“Friendly Atheist” Desperately Tries to Defend Firing of Christian School Worker

Atheist activist Hemant Mehta has some points to make about the firing of school worker, Kristie Higgs.  So let’s have a look.

Mehta writes:

She’s obviously delusional and hyperbolic. No one cares what she believes,

That’s a lie.  What she believes is what the firing was all about.  Does anyone think she would have been fired if she had posted beliefs promoting the LGBTQ position?  Of course not.  And if that is not good enough for you, consider the last sentence of Mehta’s posting.  He writes:

She doesn’t deserve to be paid to work with public school children when she believes…….

There it is.  That’s what it is about.  She doesn’t deserve to have the job “when she believes” X.   So quit with the lies about “no one cares what she believes.” 

nor is anyone preventing her from expressing those beliefs at home or in church.

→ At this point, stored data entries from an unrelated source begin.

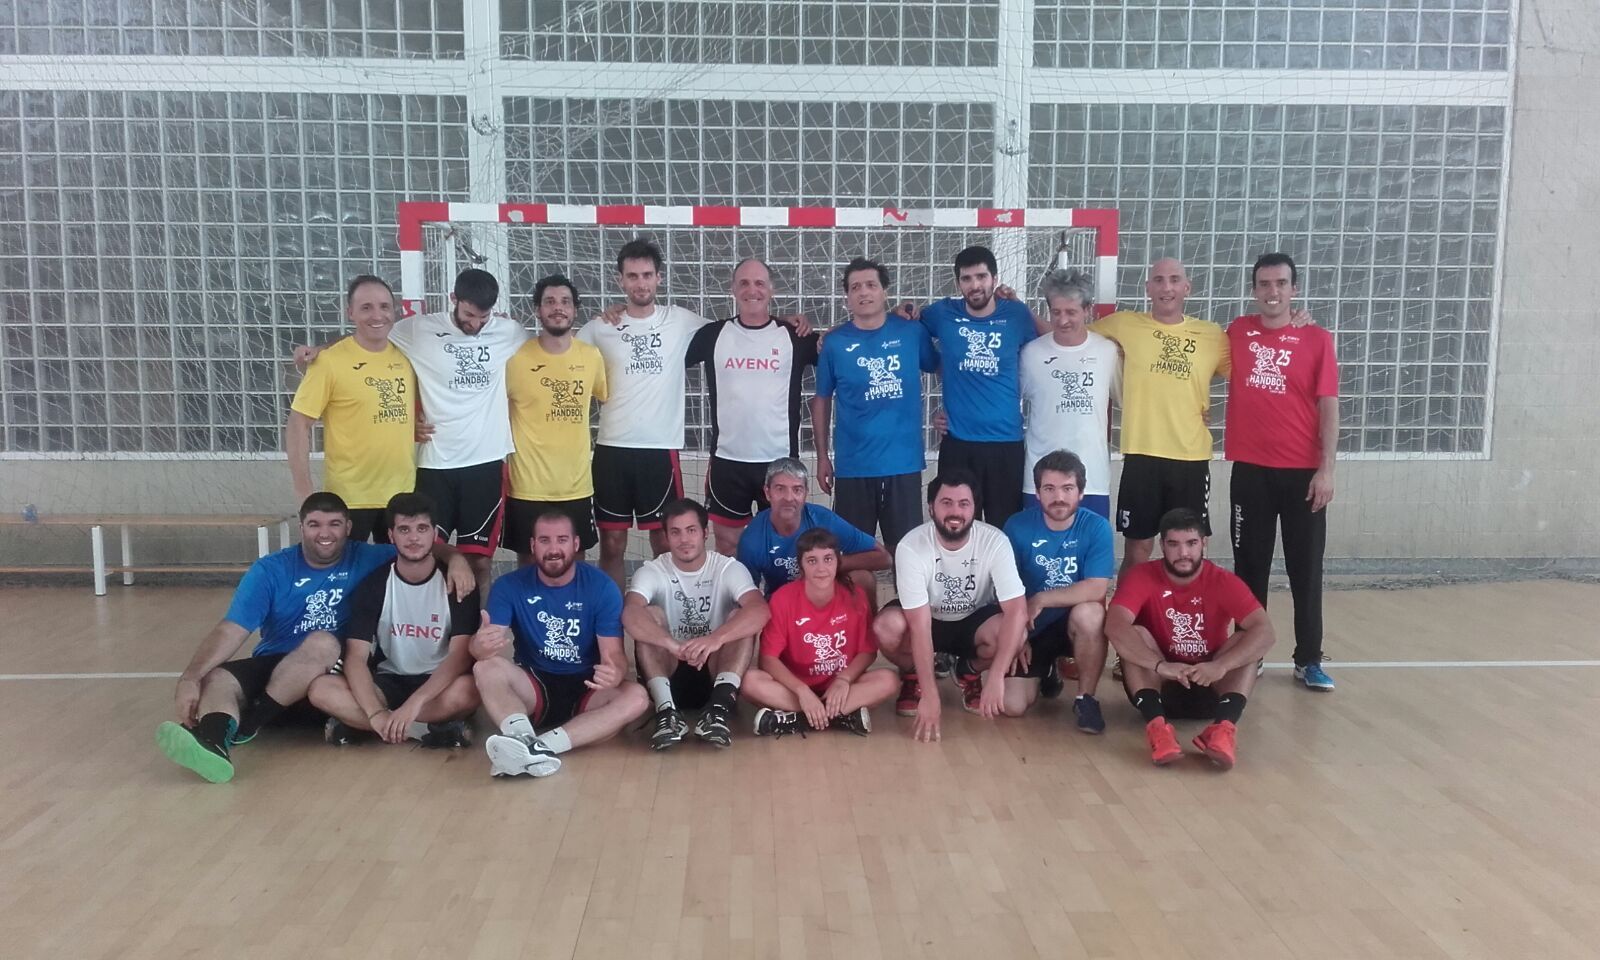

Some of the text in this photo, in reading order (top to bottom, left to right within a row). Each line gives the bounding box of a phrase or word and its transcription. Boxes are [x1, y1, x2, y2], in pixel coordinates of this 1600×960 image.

[651, 333, 662, 348] 25
[988, 332, 1001, 349] 25
[1183, 338, 1196, 353] 25
[477, 346, 490, 362] 25
[1276, 349, 1292, 366] 25
[631, 360, 662, 370] HANDBOL
[725, 358, 780, 373] AVENÇ
[887, 354, 900, 371] 25
[964, 359, 998, 369] HANDBOL
[1156, 361, 1191, 374] HANDBOL
[394, 377, 406, 393] 25
[454, 376, 489, 385] HANDBOL
[1082, 372, 1094, 386] 25
[1249, 374, 1286, 387] HANDBOL
[572, 380, 583, 395] 25
[869, 383, 903, 395] HANDBOL
[1060, 400, 1093, 409] HANDBOL
[551, 409, 583, 417] HANDBOL
[1064, 556, 1078, 574] 25
[965, 574, 976, 591] 25
[328, 588, 343, 606] 25
[699, 596, 711, 612] 25
[566, 619, 580, 636] 25
[834, 630, 847, 648] 25
[544, 646, 581, 659] HANDBOL

Straw man.  No one ever claimed she could not express her beliefs at home or in church.  Is Mehta implying these are the only places she, as a school worker, should be allowed to express her beliefs.  That is, she must self-censor on the internet, for example?  How would Mehta like it if he was allowed to speak his anti-Christian views only at home or atheist conventions?

A public school curriculum shouldn’t be guided by what Christian bigots think about LGBTQ people. We can’t let education get derailed by people who have hate baked into their faith.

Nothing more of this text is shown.